As I read that last sentence, I realize that prior to four years ago, a term like “real” facts would have seemed foolish. Facts are facts; they’re real. At least that’s what we were always told and understood to be the truth.
But in 2017 the term “alternative facts” came into our lives and, unfortunately, it stuck. People started believing that there could be multiple sets of facts.
The bigger term we started hearing much more often, though, was “fake news.” If someone didn’t like what was being reported or said, they called it “fake news.” And so, on both sides of the political aisle, you had people saying that the other side’s information was all fake, and you couldn’t believe it or trust them.
I got so sick of hearing this concept, that I would get madder and madder every time I turned on a program that was talking about the news of the day.
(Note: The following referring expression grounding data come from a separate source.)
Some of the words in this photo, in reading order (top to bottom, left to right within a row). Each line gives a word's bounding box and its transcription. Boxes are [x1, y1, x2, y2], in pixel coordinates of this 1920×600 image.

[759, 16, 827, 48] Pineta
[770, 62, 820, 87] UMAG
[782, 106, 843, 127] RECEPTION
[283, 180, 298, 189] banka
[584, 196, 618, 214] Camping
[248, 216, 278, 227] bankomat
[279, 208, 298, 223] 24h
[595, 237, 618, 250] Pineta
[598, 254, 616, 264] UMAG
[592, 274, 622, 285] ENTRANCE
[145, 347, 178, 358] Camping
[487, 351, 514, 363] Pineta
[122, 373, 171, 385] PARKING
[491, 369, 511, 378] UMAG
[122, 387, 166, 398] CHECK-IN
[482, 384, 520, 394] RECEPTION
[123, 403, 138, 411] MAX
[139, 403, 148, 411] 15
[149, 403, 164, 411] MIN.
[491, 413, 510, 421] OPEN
Yet, there I was, on pretty much a nightly or morningly basis, turning on those shows to see what had happened in the previous 12 hours.
Getting Info from Multiple Sides
I lean a certain way politically. Like I said earlier, I’m not a very political person, but I still believe in certain things and have my feelings about how things should be done and what’s important for our leaders and government to focus on.
So, I usually watch shows that are broadcast more from my perspective. But that can be a dangerous thing. If all I’m getting is one side of the argument, that is not a healthy way to make decisions about what is happening.
Therefore, sometimes I will turn on programs from the other side of the political spectrum. I want to hear what it is that those people are feeling about the exact same issue that I see in one way but they see so differently. I want to learn from them. I also want to understand how either they are so far off in their assessment or I am.
Unfortunately, usually all that gets me is me yelling at the TV!
I hear them saying things that are so negative towards my side and that completely contradict the facts that I have heard from the people on my side. As they spout off their facts, I think, “Well, those sound legitimate. How come the people on the other station aren’t talking about those? How come those aren’t the facts I’m hearing over there?”
I will switch back to the original station I was watching, the one towards which I lean, and hear their ideas and facts and think, well why wasn’t that other station talking about those? And I will hear the negativity on that station talking about the other side.
While the points may be different or the belief in who is right and who is wrong may be different, there is one thing that I have found to be a constant on both sides – negativity. No matter which side’s broadcast I listen to, I hear people speaking negatively – all the time!
This immediately sets me off. Whether it is the side I agree with or the side I disagree with, I can feel myself getting upset. I am either upset at the other side because of the information my side has just relayed to me about what terrible thing they have done, or I am upset at the other side because of the terrible things they are saying my side has done or the things that their side has done that they like and that I don’t.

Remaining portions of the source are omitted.